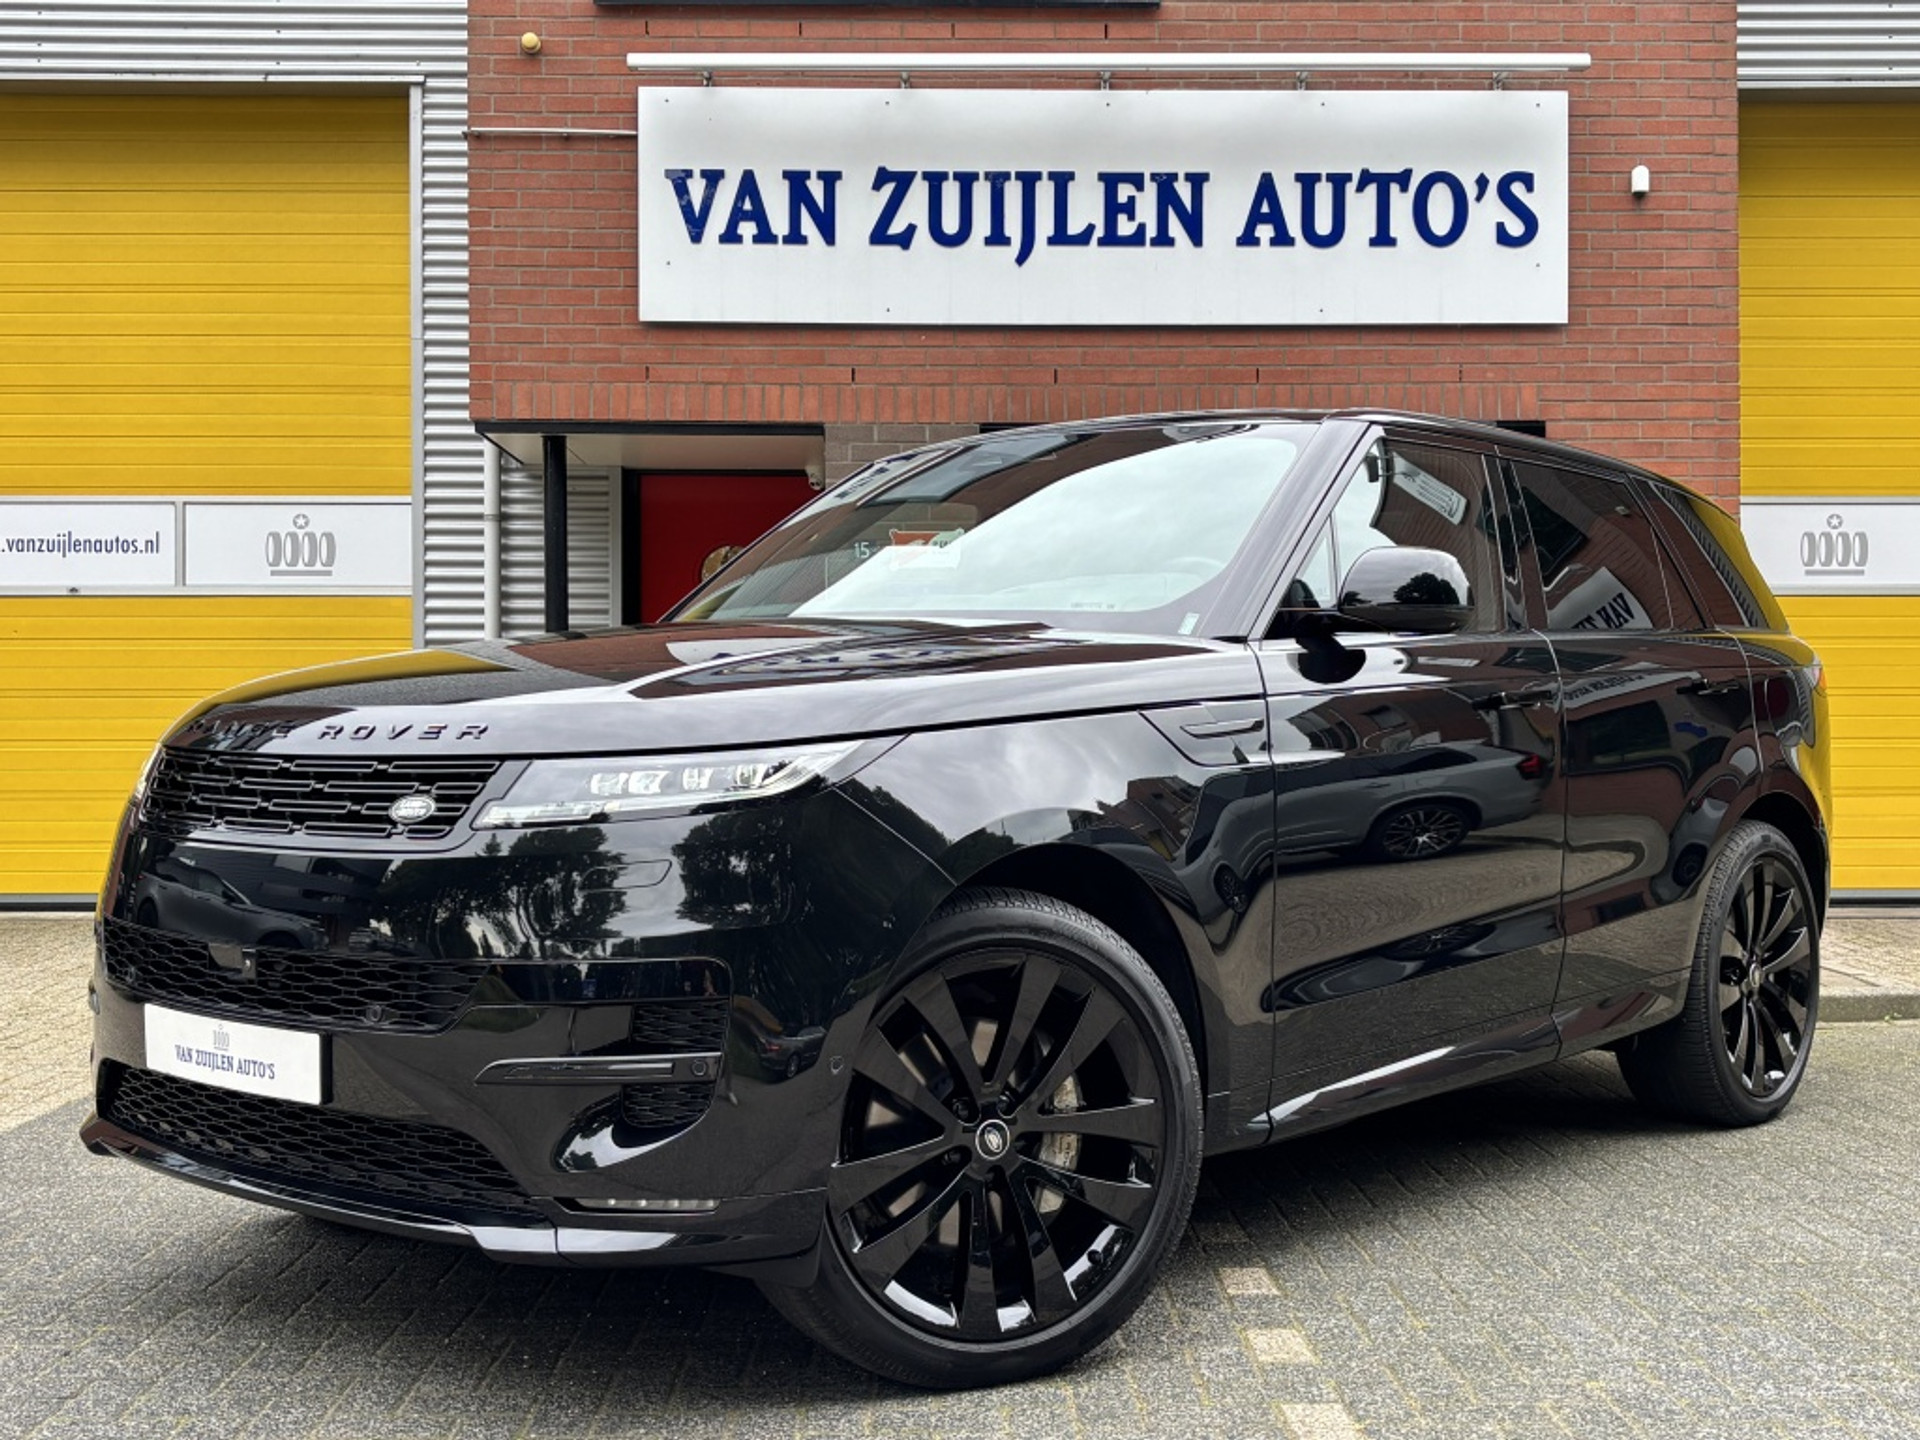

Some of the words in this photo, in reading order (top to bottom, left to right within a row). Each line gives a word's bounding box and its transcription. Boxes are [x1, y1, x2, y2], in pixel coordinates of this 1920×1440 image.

[664, 168, 842, 247] VAN
[870, 166, 1210, 267] ZUIJLEN
[1236, 168, 1540, 248] AUTO'S
[1, 530, 160, 558] .vanzuijlenautos.nl
[317, 723, 490, 741] ROVER
[174, 1044, 193, 1063] VAN
[195, 1049, 234, 1072] ZUIJLEN
[236, 1058, 275, 1080] AUTO'S
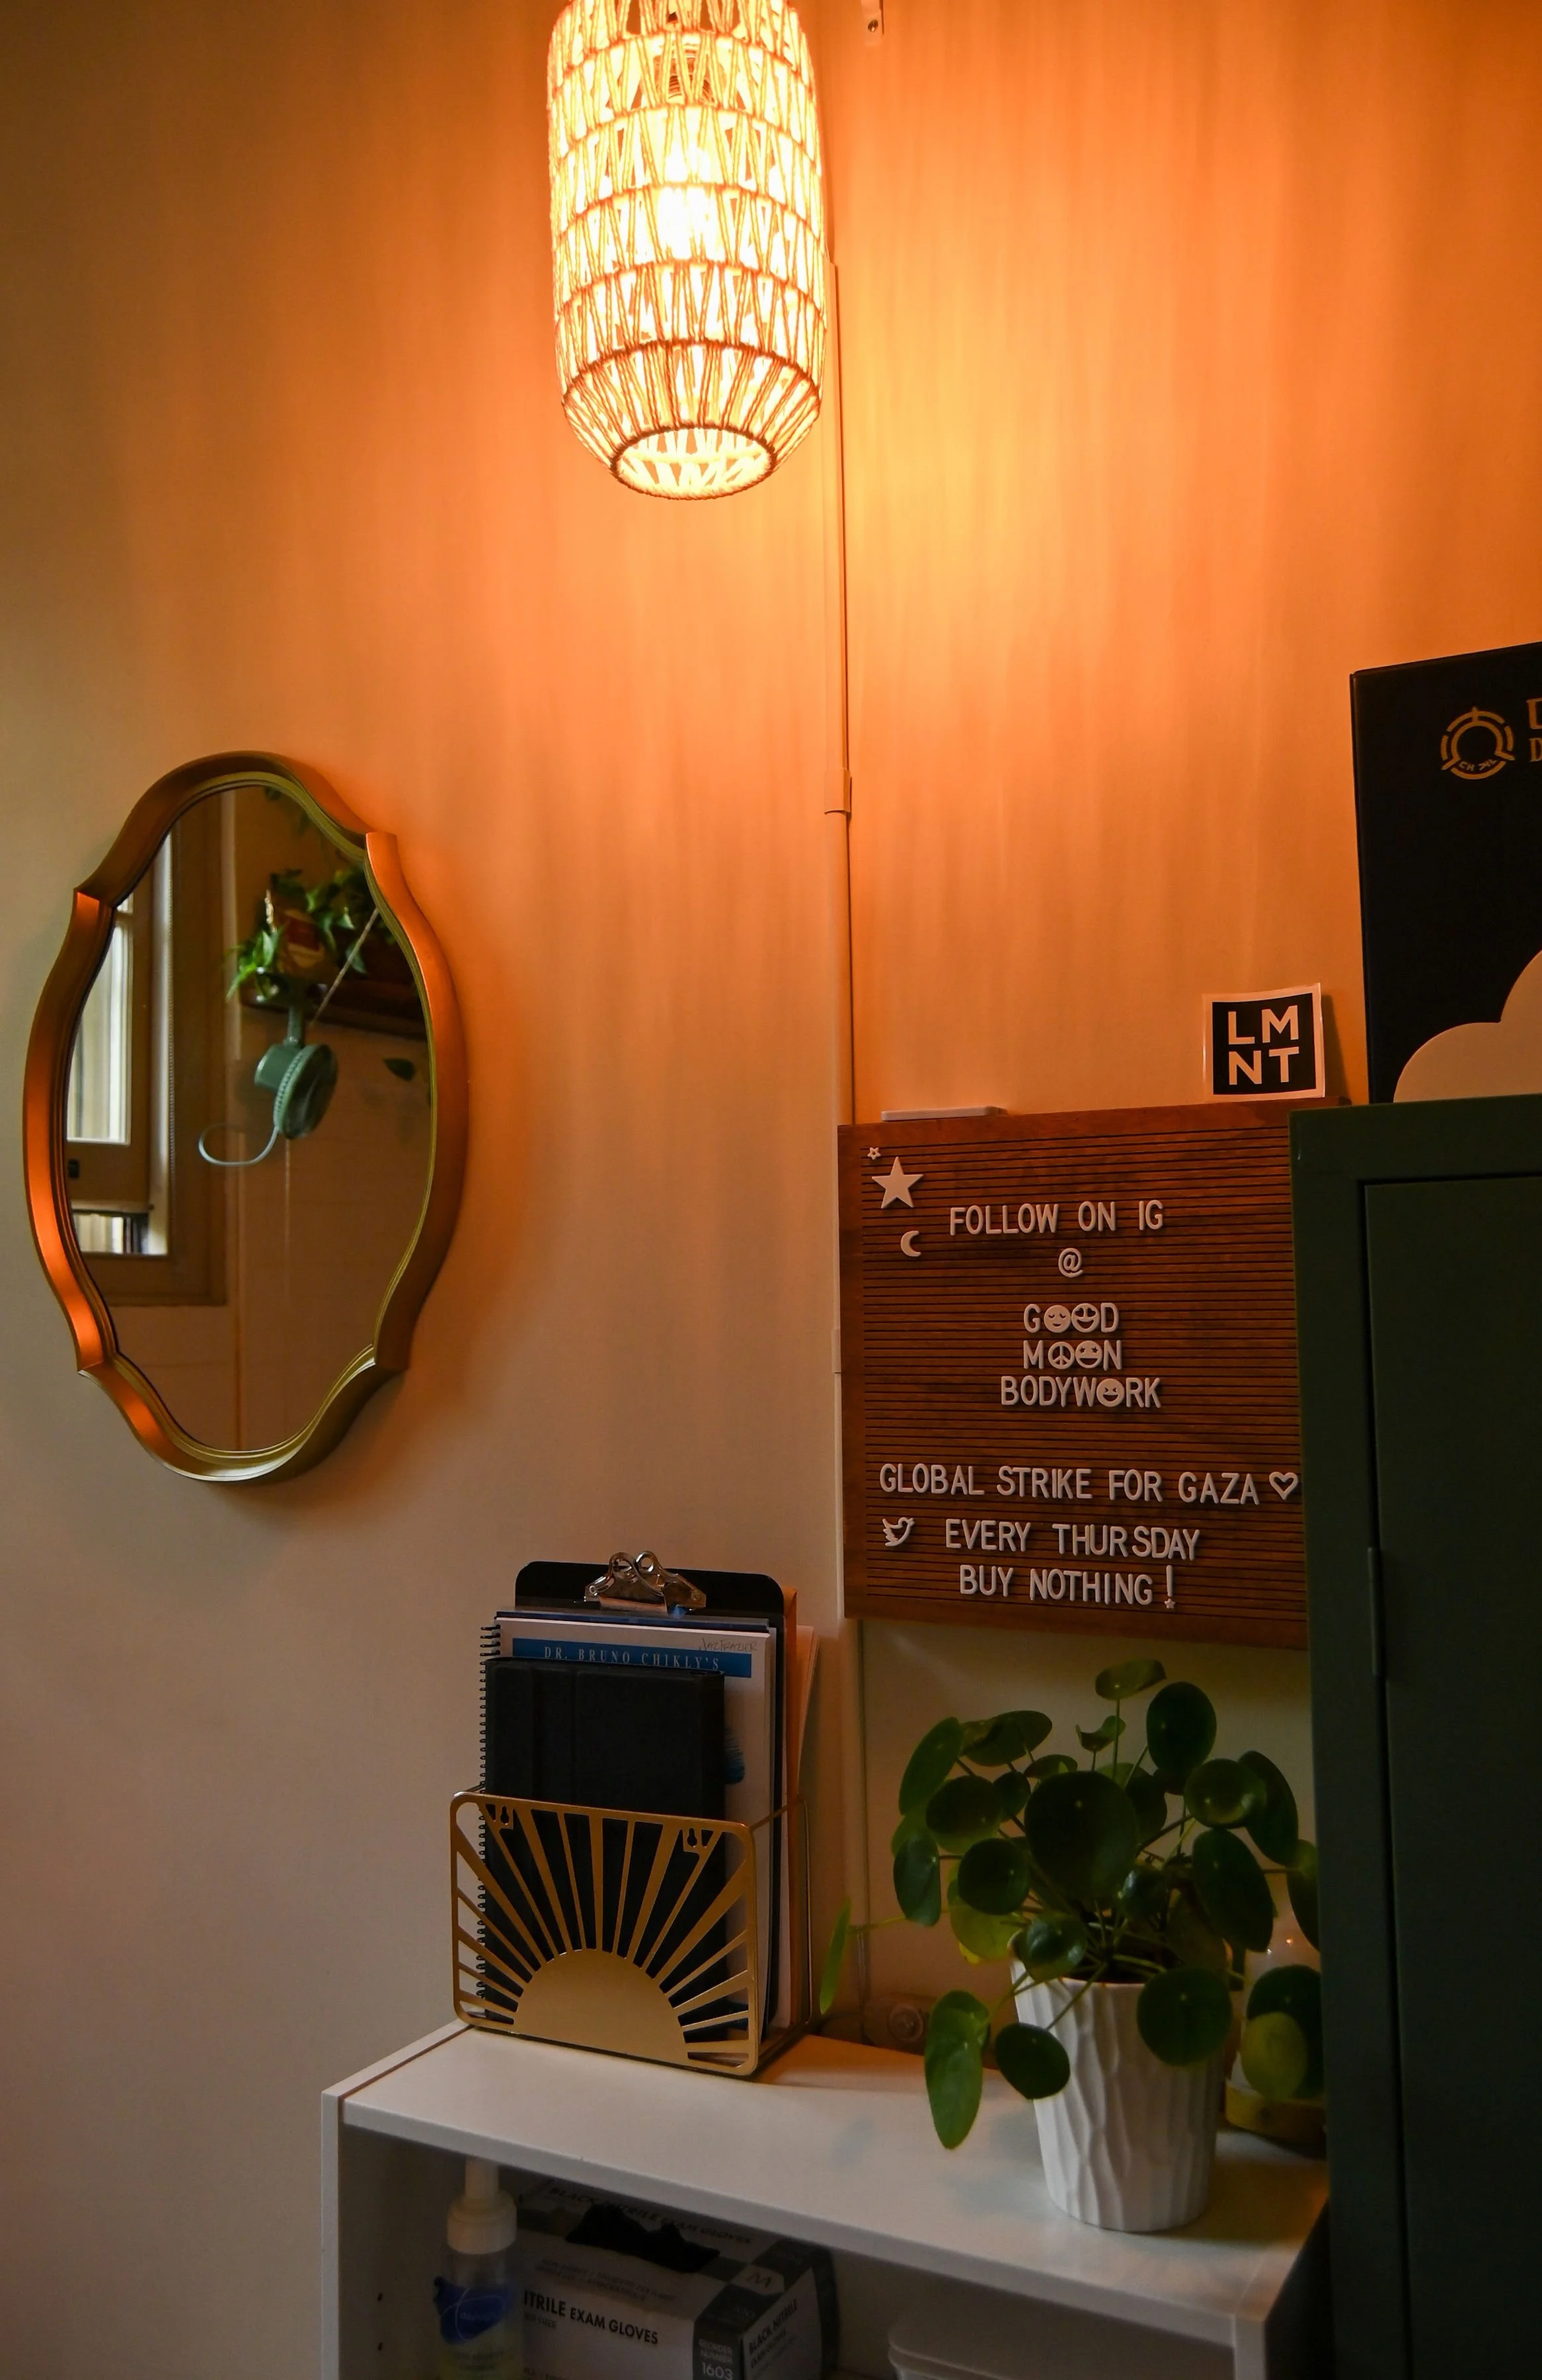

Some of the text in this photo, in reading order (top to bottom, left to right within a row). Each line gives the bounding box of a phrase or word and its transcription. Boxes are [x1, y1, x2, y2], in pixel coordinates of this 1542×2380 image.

[949, 1199, 1165, 1236] FOLLOW ON IG
[879, 1462, 1260, 1507] GLOBAL STRIKE FOR GAZA
[944, 1518, 1201, 1562] EVERY THURSDAY
[959, 1564, 1015, 1598] BUY
[544, 1646, 720, 1671] DR. BRUNO CHIKLY'S
[523, 2290, 566, 2317] ITRILE
[570, 2307, 605, 2330] EXAM
[609, 2319, 658, 2345] GLOVES
[701, 2361, 734, 2380] 1603

***

■ Work instructions
Each line of the records above must be repeated exactly, but no picture belongs in the copy.

■ Response area
Some of the words in this photo, in reading order (top to bottom, left to right within a row). Each line gives a word's bounding box and its transcription. Boxes are [x1, y1, x2, y2], in pixel coordinates of this 1920×1440 image.

[664, 168, 842, 247] VAN
[870, 166, 1210, 267] ZUIJLEN
[1236, 168, 1540, 248] AUTO'S
[1, 530, 160, 558] .vanzuijlenautos.nl
[317, 723, 490, 741] ROVER
[174, 1044, 193, 1063] VAN
[195, 1049, 234, 1072] ZUIJLEN
[236, 1058, 275, 1080] AUTO'S

Some of the text in this photo, in reading order (top to bottom, left to right within a row). Each line gives the bounding box of a phrase or word and its transcription. Boxes are [x1, y1, x2, y2], in pixel coordinates of this 1542×2380 image.

[949, 1199, 1165, 1236] FOLLOW ON IG
[879, 1462, 1260, 1507] GLOBAL STRIKE FOR GAZA
[944, 1518, 1201, 1562] EVERY THURSDAY
[959, 1564, 1015, 1598] BUY
[544, 1646, 720, 1671] DR. BRUNO CHIKLY'S
[523, 2290, 566, 2317] ITRILE
[570, 2307, 605, 2330] EXAM
[609, 2319, 658, 2345] GLOVES
[701, 2361, 734, 2380] 1603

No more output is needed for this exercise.